• _Work instructions_
Output all of the records word for word and drop the images.

━━ Information given ━━

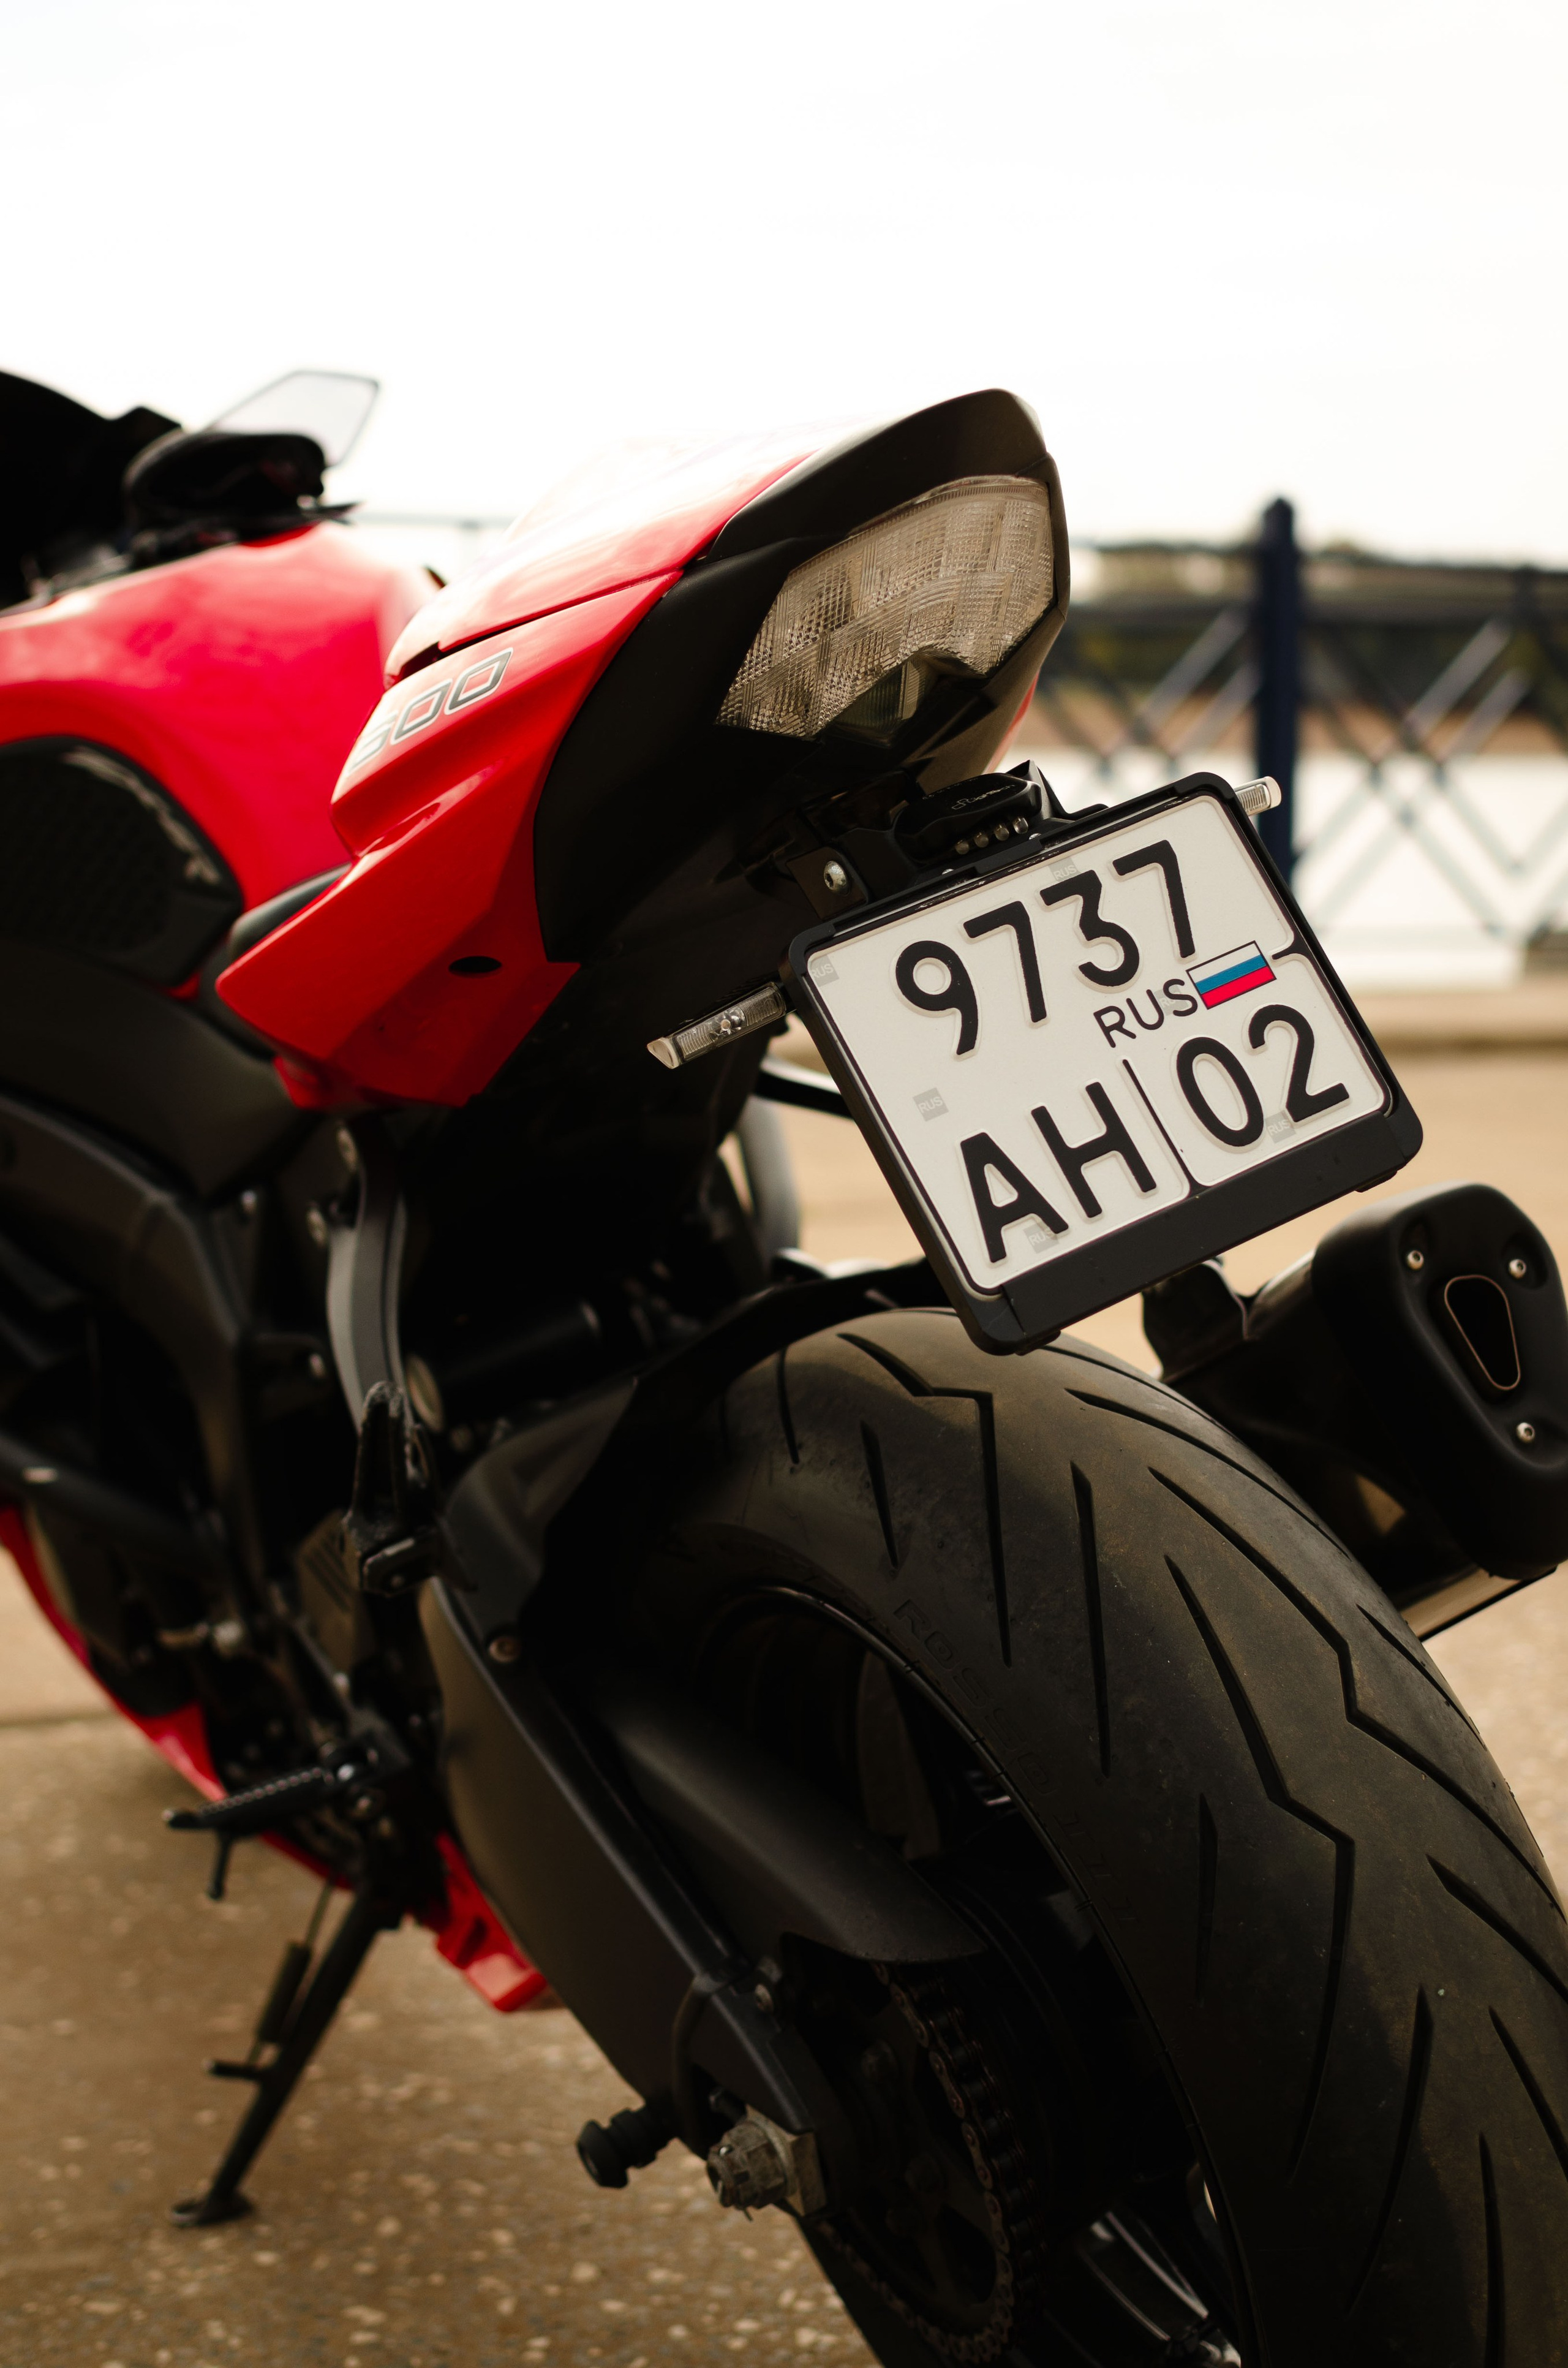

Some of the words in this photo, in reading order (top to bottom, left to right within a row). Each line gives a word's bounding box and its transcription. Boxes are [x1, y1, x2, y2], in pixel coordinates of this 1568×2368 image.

[1054, 864, 1077, 880] RUS
[811, 963, 834, 979] RUS
[895, 839, 1196, 1055] 9737
[1093, 978, 1197, 1048] RUS
[919, 1097, 943, 1113] RUS
[1176, 1004, 1349, 1146] 02
[1268, 1119, 1291, 1136] RUS
[960, 1081, 1156, 1263] AH
[893, 1598, 1058, 1794] ROSSO

━━━

• _Solution_
Some of the words in this photo, in reading order (top to bottom, left to right within a row). Each line gives a word's bounding box and its transcription. Boxes are [x1, y1, x2, y2], in pixel coordinates of this 1568×2368 image.

[1054, 864, 1077, 880] RUS
[811, 963, 834, 979] RUS
[895, 839, 1196, 1055] 9737
[1093, 978, 1197, 1048] RUS
[919, 1097, 943, 1113] RUS
[1176, 1004, 1349, 1146] 02
[1268, 1119, 1291, 1136] RUS
[960, 1081, 1156, 1263] AH
[893, 1598, 1058, 1794] ROSSO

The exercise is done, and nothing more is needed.